• [Task details]: A precise reproduction of every record below is needed, minus the pictures.

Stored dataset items
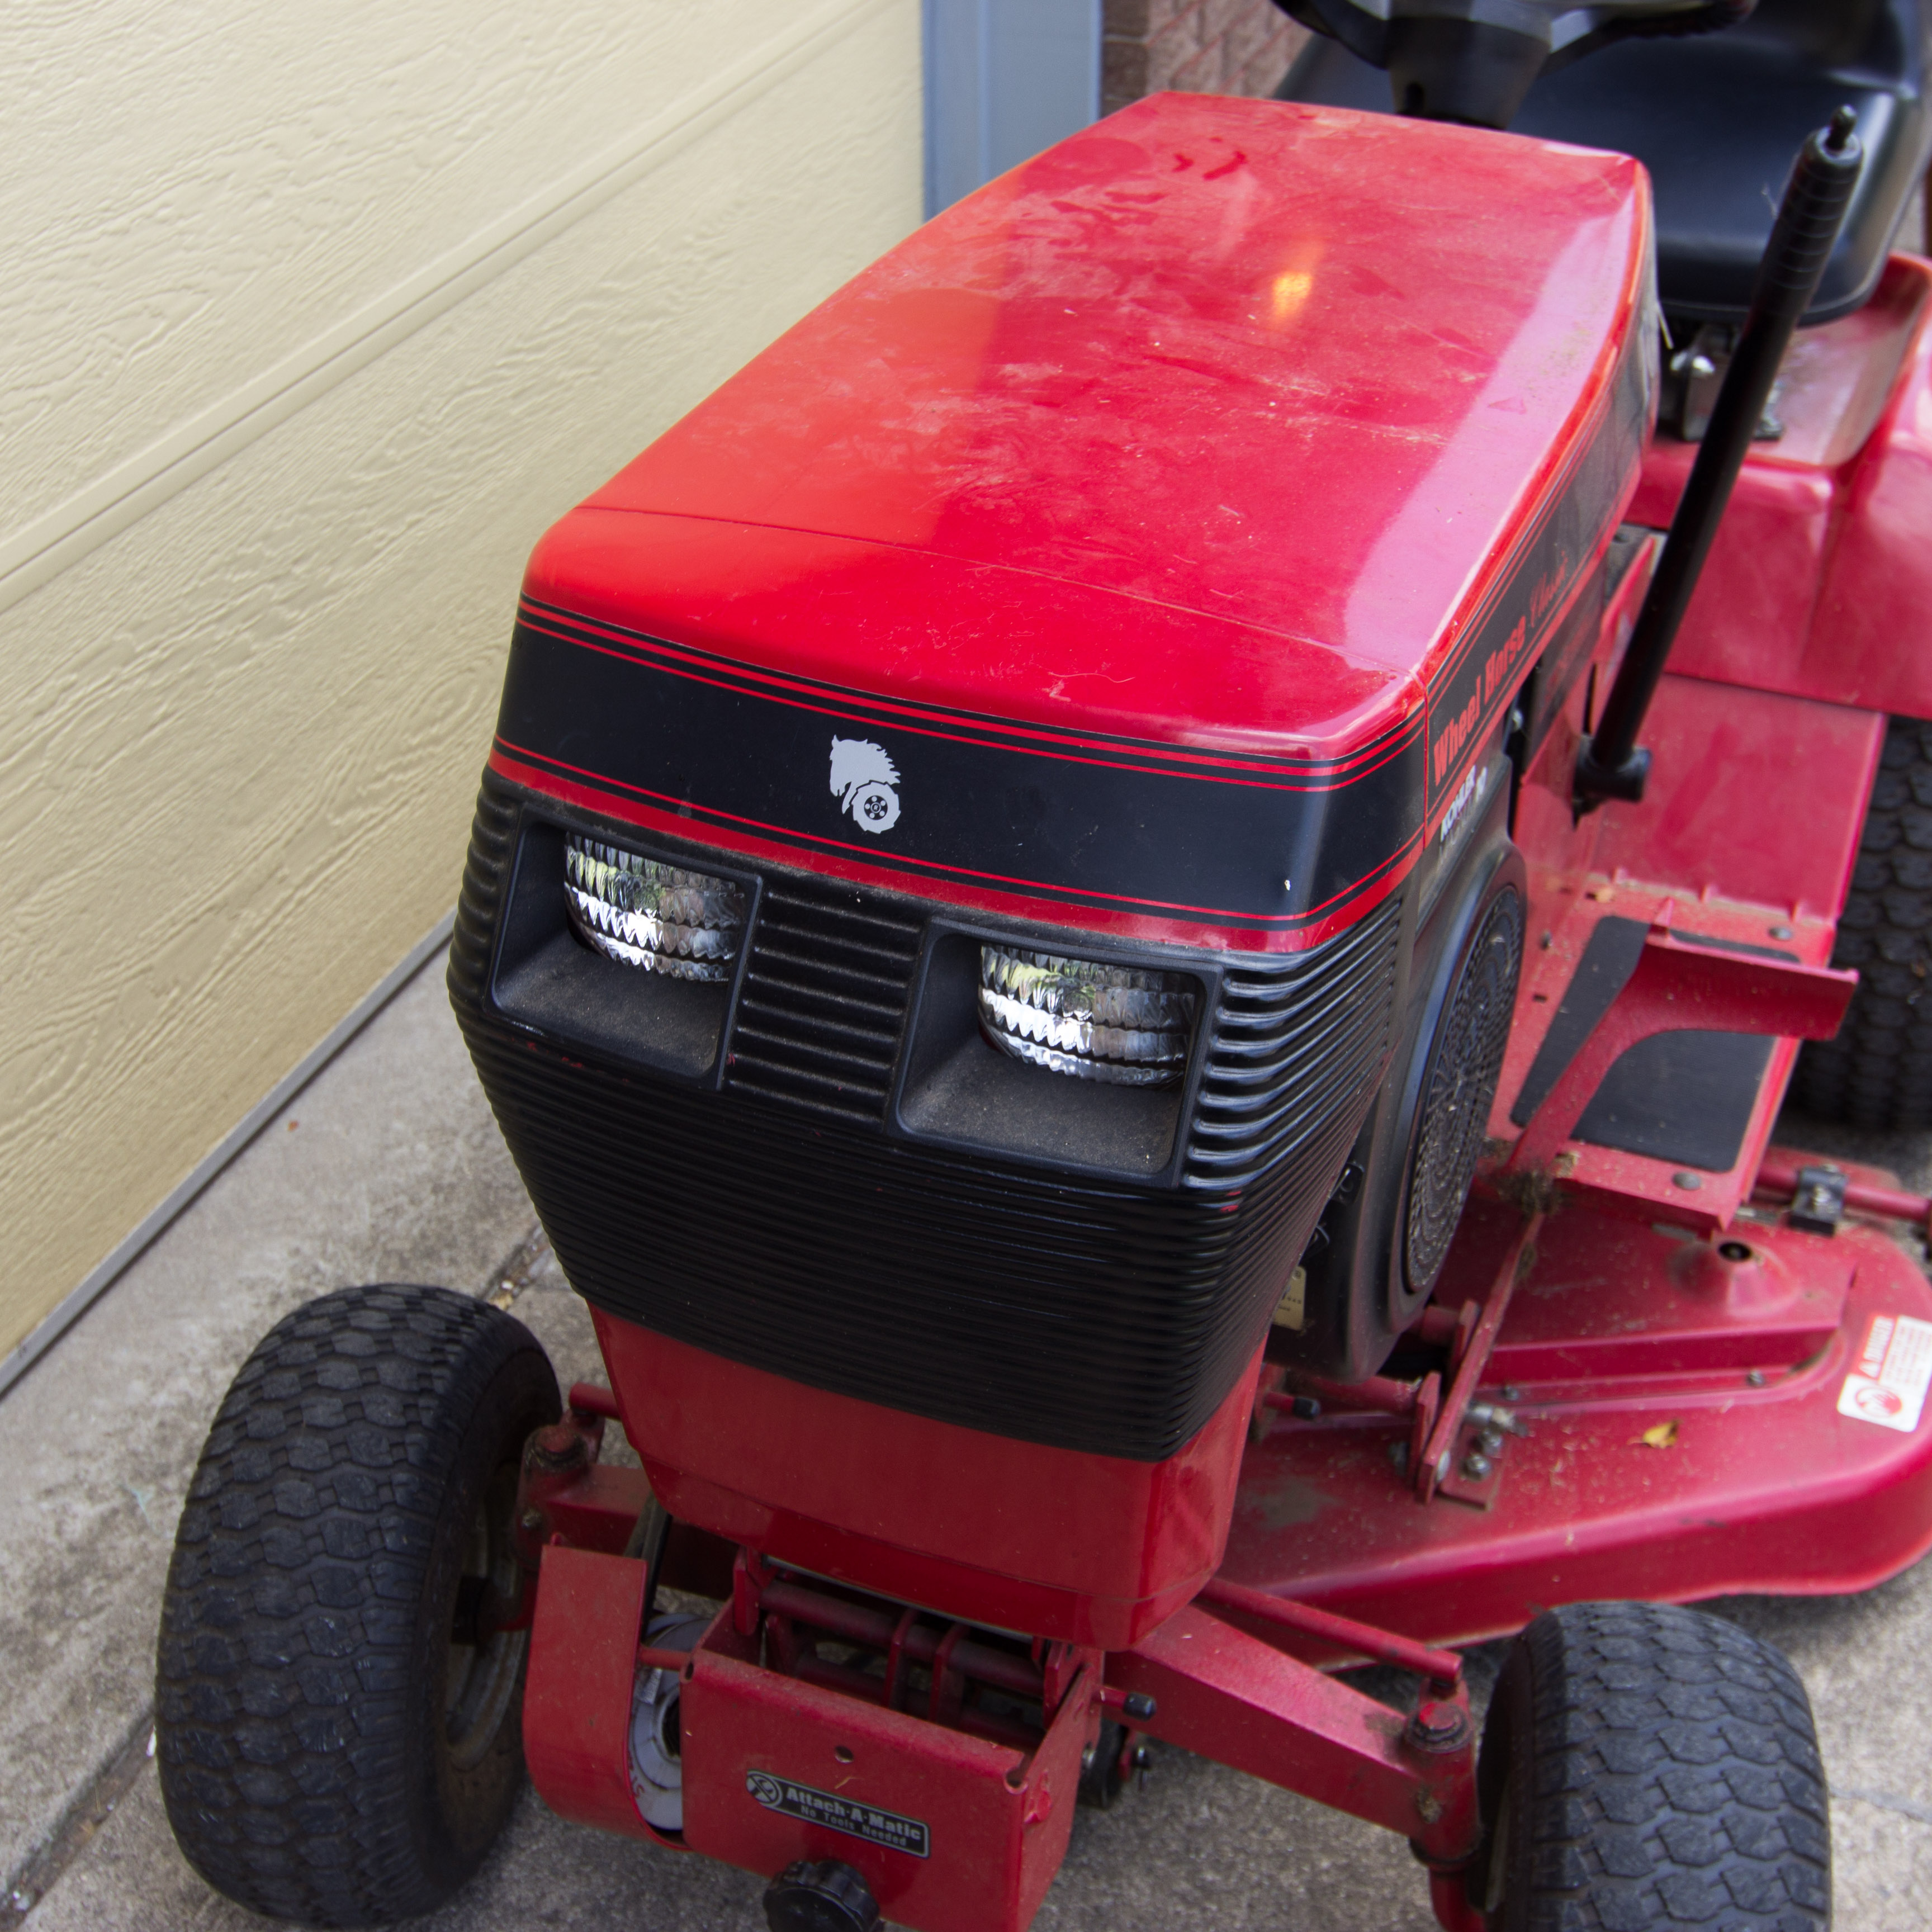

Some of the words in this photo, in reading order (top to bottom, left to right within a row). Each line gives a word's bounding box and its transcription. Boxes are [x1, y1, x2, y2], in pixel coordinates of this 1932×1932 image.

[1434, 675, 1481, 787] Wheel
[1484, 615, 1526, 705] Horse
[801, 1805, 817, 1818] No
[825, 1812, 855, 1831] Tools
[862, 1825, 907, 1847] Needed
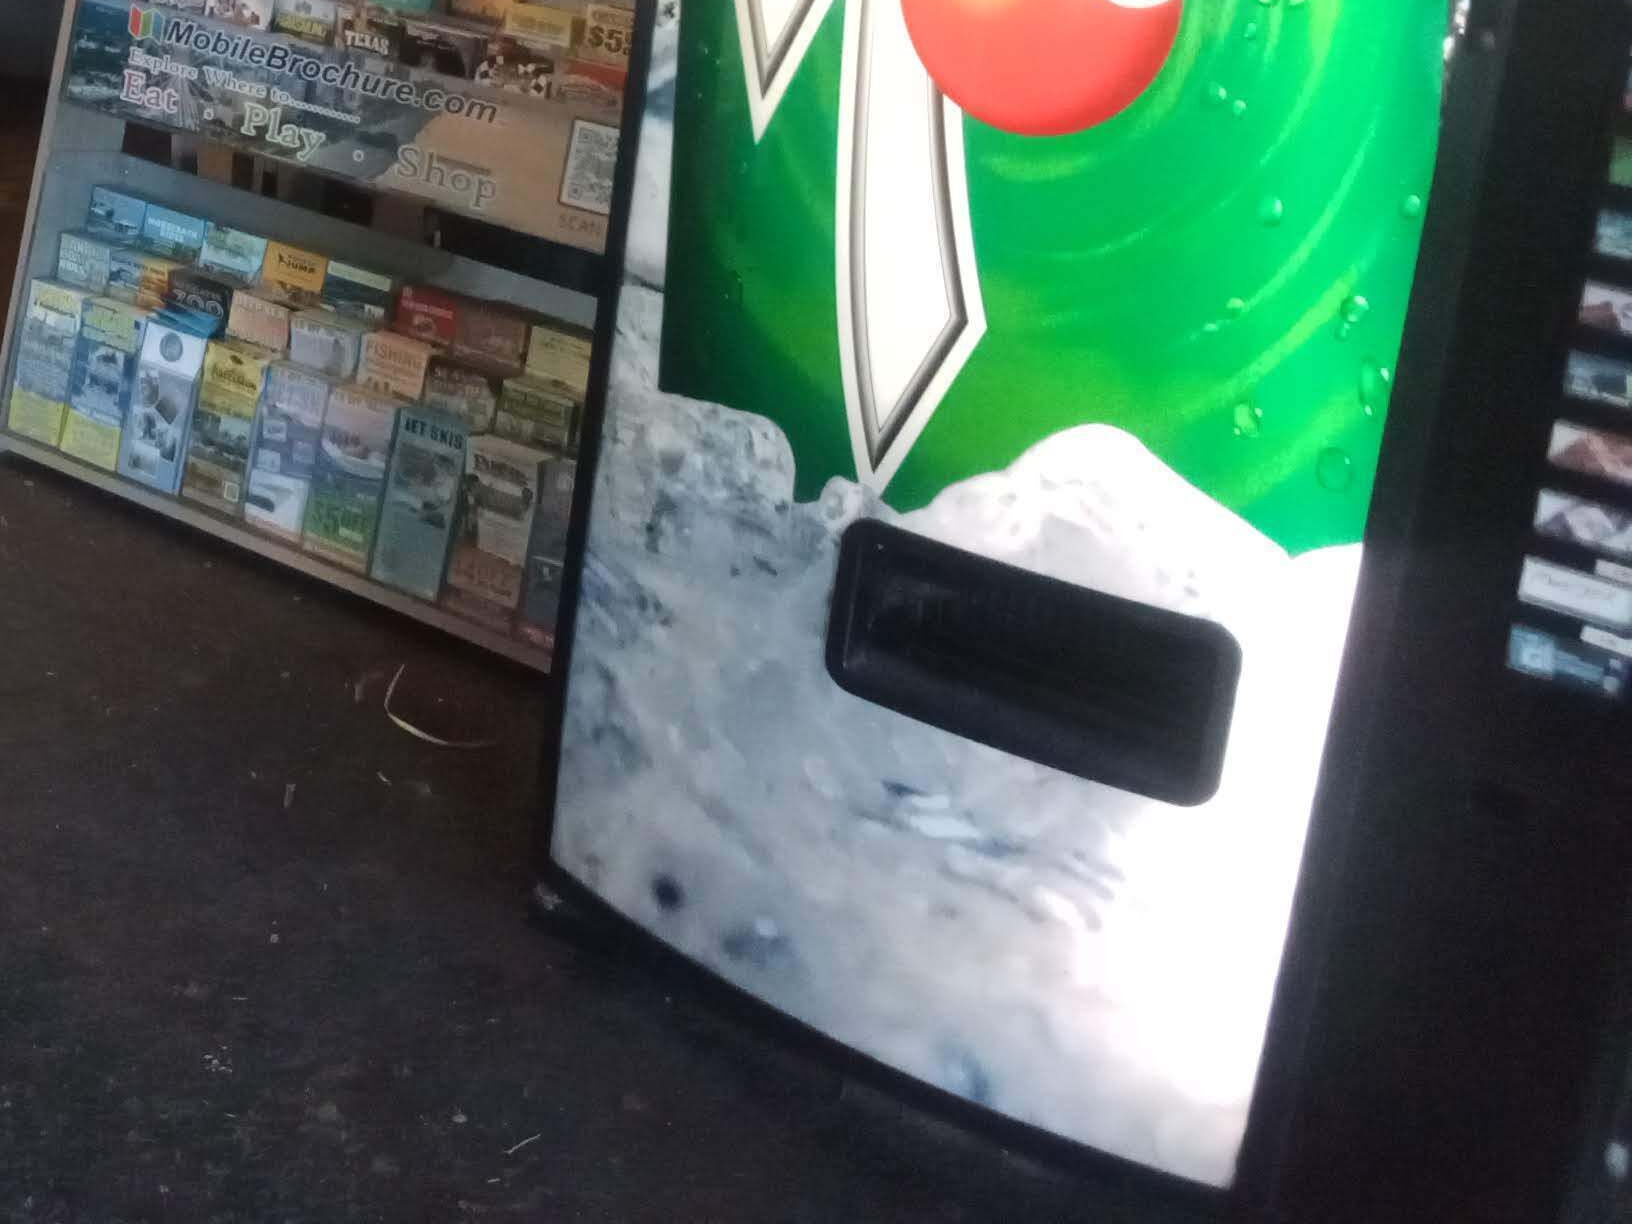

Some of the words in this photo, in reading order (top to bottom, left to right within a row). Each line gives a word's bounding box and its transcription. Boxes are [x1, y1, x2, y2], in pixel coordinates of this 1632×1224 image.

[344, 29, 390, 56] TEXAS
[120, 70, 179, 115] Eat
[128, 47, 198, 81] Explore
[203, 65, 267, 101] Where
[167, 20, 498, 124] MobileBrochure.com
[241, 101, 325, 163] Play
[397, 143, 497, 209] Shop
[405, 418, 427, 435] JET
[430, 428, 463, 450] SKIS
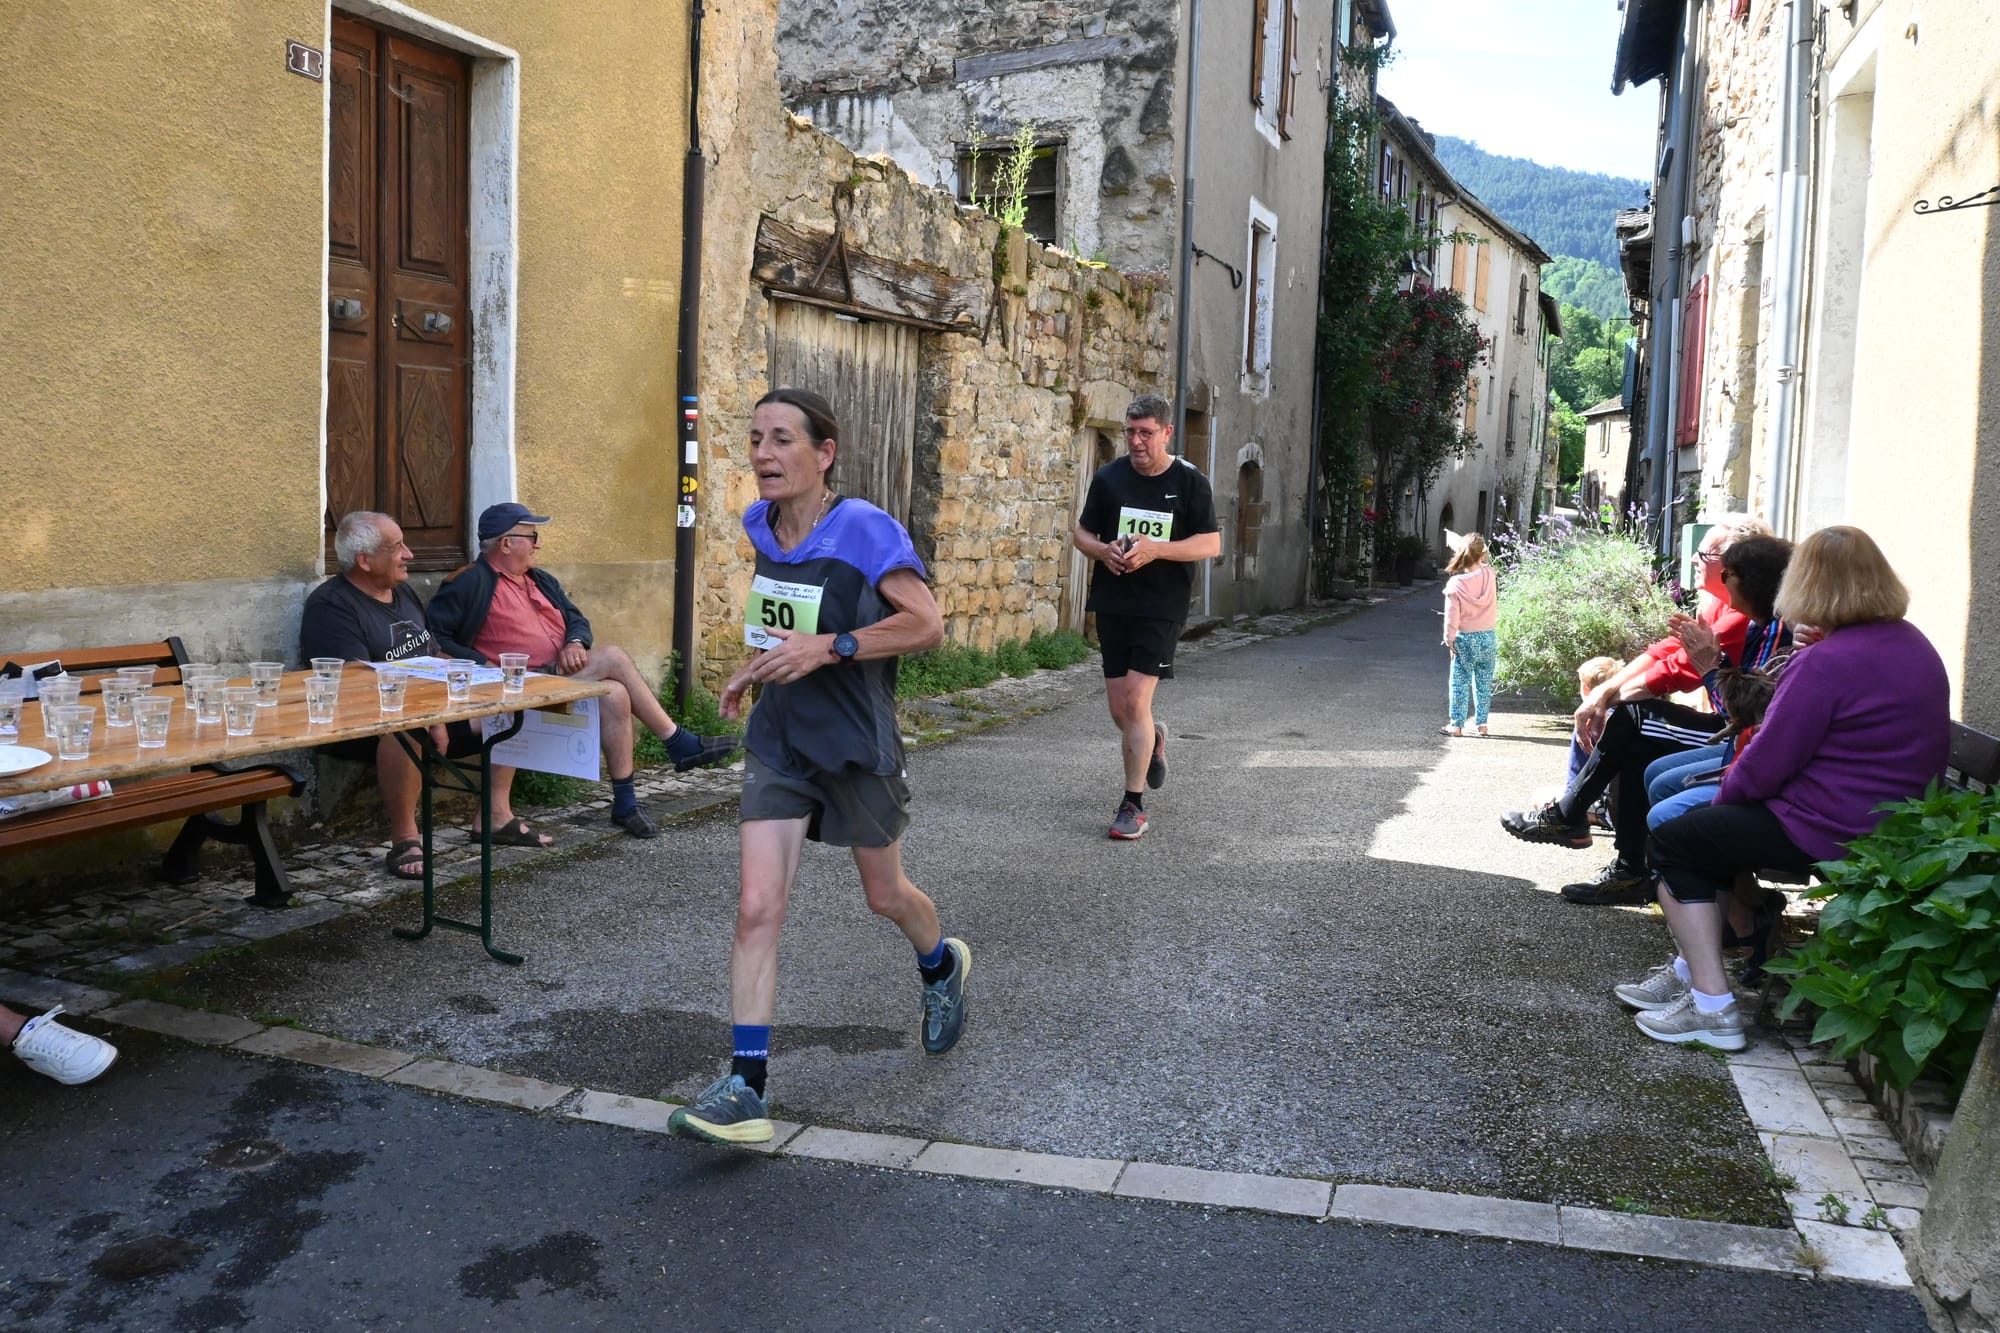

• [Response to the task]:
Some of the words in this photo, in reading order (top to bottom, left to right within a row). Each line gives a word's bounding box and its transcription. Boxes are [x1, y1, x2, y2], in pixel coordinates of this 1932×1932 image.

[1434, 675, 1481, 787] Wheel
[1484, 615, 1526, 705] Horse
[801, 1805, 817, 1818] No
[825, 1812, 855, 1831] Tools
[862, 1825, 907, 1847] Needed

Some of the words in this photo, in reading order (top to bottom, left to right within a row). Each line gives a word's bounding box and its transcription. Boxes are [x1, y1, x2, y2], in pixel coordinates of this 1632×1224 image.

[344, 29, 390, 56] TEXAS
[120, 70, 179, 115] Eat
[128, 47, 198, 81] Explore
[203, 65, 267, 101] Where
[167, 20, 498, 124] MobileBrochure.com
[241, 101, 325, 163] Play
[397, 143, 497, 209] Shop
[405, 418, 427, 435] JET
[430, 428, 463, 450] SKIS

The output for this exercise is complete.